Auch in Duisburg wird die von NRW-Familienminister Joachim Stamp (FDP) verordnete Regelung umgesetzt: Die Kinderbetreuung in den Kitas soll nur noch dann in Anspruch genommen werden, wenn eine Betreuung nicht anders sichergestellt werden kann. Darauf wies die Stadt am Freitag hin. Für den Fall, dass die Betreuung in Anspruch genommen wird, müssen die Eltern eine „Eigenerklärung“vorlegen, mit der sie bestätigen, dass sie auf die Notbetreuung angewiesen sind.
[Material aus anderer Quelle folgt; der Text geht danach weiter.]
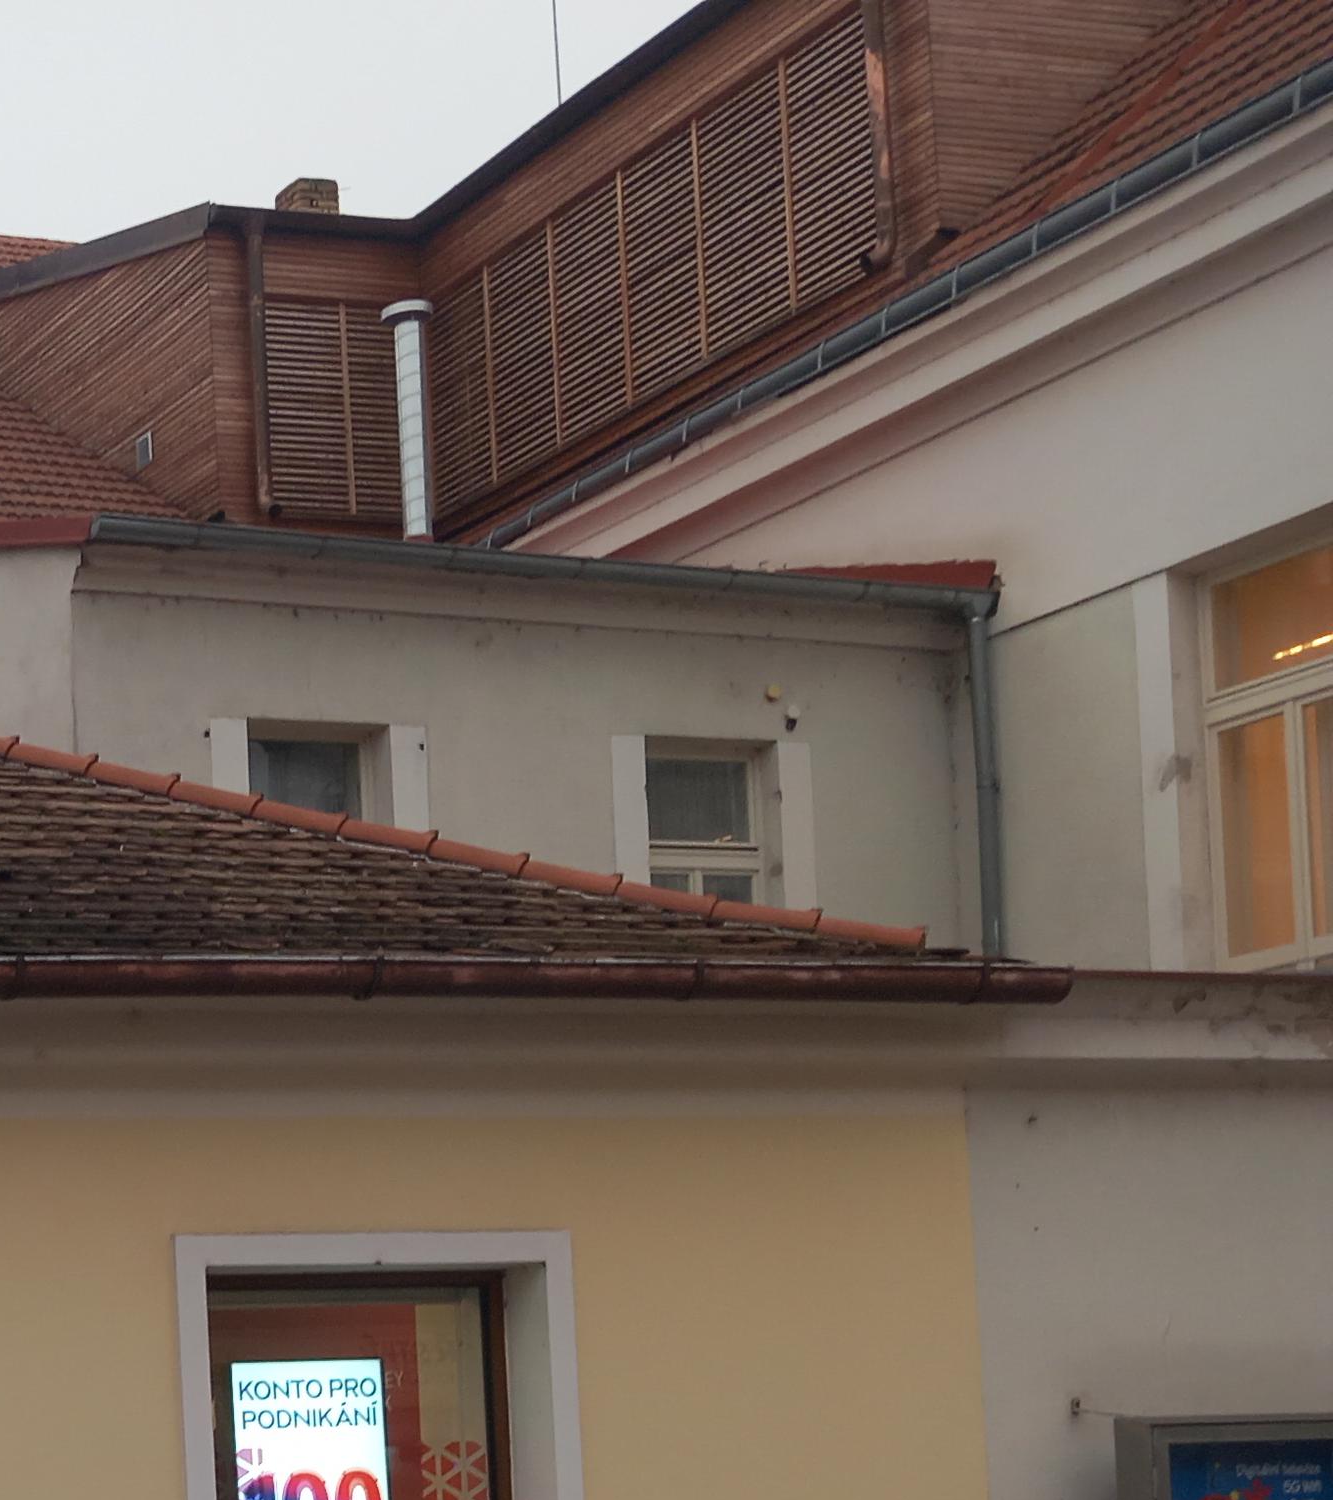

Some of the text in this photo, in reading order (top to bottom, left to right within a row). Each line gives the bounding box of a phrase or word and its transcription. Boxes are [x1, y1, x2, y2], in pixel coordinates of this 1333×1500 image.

[238, 1379, 323, 1401] KONTO
[330, 1377, 377, 1399] PRO
[242, 1400, 378, 1430] PODNIKÁNÍ
Für die 13 Leiterinnen der Kitas im Evangelischen Bildungswerk Duisburg ist dies der berühmte Tropfen, der das Fass zum Überlaufen bringt. Sie haben einen offenen Brief an den Minister geschrieben. „Mit den entsprechenden Schreiben aus dem Ministerium an die Eltern und Träger von heute Morgen müssen wir feststellen, dass die Präsenzbetreuung trotz der hohen Inzidenzzahlen fortgesetzt wird und es eine Notbetreuung in der vom Familienministerium beschriebenen Form de facto nicht gibt. Die Schreiben sind ein Schlag ins Gesicht all der Beschäftigten in den Kindertageseinrichtungen, die seit einem Jahr ihr Bestes für Eltern und Familien geben“, heißt es darin.
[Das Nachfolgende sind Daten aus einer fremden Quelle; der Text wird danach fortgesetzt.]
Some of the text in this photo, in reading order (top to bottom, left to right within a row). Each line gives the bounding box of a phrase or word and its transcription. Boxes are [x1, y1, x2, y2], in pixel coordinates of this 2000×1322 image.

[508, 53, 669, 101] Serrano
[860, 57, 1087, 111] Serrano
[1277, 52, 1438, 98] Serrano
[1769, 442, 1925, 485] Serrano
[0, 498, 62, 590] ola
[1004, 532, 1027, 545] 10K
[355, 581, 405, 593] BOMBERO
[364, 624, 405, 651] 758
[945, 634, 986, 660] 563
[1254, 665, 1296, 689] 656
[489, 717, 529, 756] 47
Ihr hauptsächlicher Vorwurf: Das erklärte Ziel des Ministers, die Kontakte auch in den Kindertageseinrichtungen zu reduzieren, könne so nicht erreicht werden. Die Kontaktreduzierung sei nicht möglich, da es „keine wirkliche Begrenzung und Regelung für die Inanspruchnahme des Betreuungsangebotes“gebe. Eltern sollen ihr Kind nur dann in die Kita geben, wenn ihre Betreuung nicht anderweitig sichergestellt werden kann. Das ist hauptsächlich dann der Fall, wenn beide Eltern berufstätig sind. In diesem Fall müssen die Eltern eine „Eigenerklärung“abgeben. „Das wäre, als wenn wir uns selbst eine Arbeitsunfähigkeitsbescheinigung ausfüllen würden und eine Woche zuhause bleiben“, heißt es in dem Brief der Kita-Leiterinnen. Stamp selbst hatte am Freitag noch erklärt, die Eigenerklärung sei für die Eltern „eine hohe Hürde“.
Dass es im Schreiben des Ministeriums heißen soll, alle Kindertageseinrichtungen seien mit Selbsttests ausgestattet, geht nach Meinung der
Erzieherinnen an der Realität vorbei. „Von unseren 13 Kindertageseinrichtungen haben lediglich drei Einrichtungen jeweils 40 Tests durch das Familienministerium erhalten (für zum Beispiel 44 Kinder und zum Teil zehn Mitarbeitende)“, heißt es in dem offenen Brief. Auch der Hinweis
im ministeriellen Schreiben, dass alle Erzieherinnen geimpft seien oder ein Impfangebot erhalten hätten, wollen sie nicht stehen lassen: „Nachdem einige nach dem Impfstopp mit Astrazeneca überlegt haben, sich überhaupt impfen zu lassen, gab es in der letzten Woche
den Aufruf von der Landesregierung sich bis zum 24. April impfen zu lassen, da ansonsten das Angebot verfällt.“Zudem hätten die Beschäftigten bisher lediglich die Erstimpfung erhalten; bei allen Beschäftigten stehe der zweite Impftermin für den vollen Schutz noch aus.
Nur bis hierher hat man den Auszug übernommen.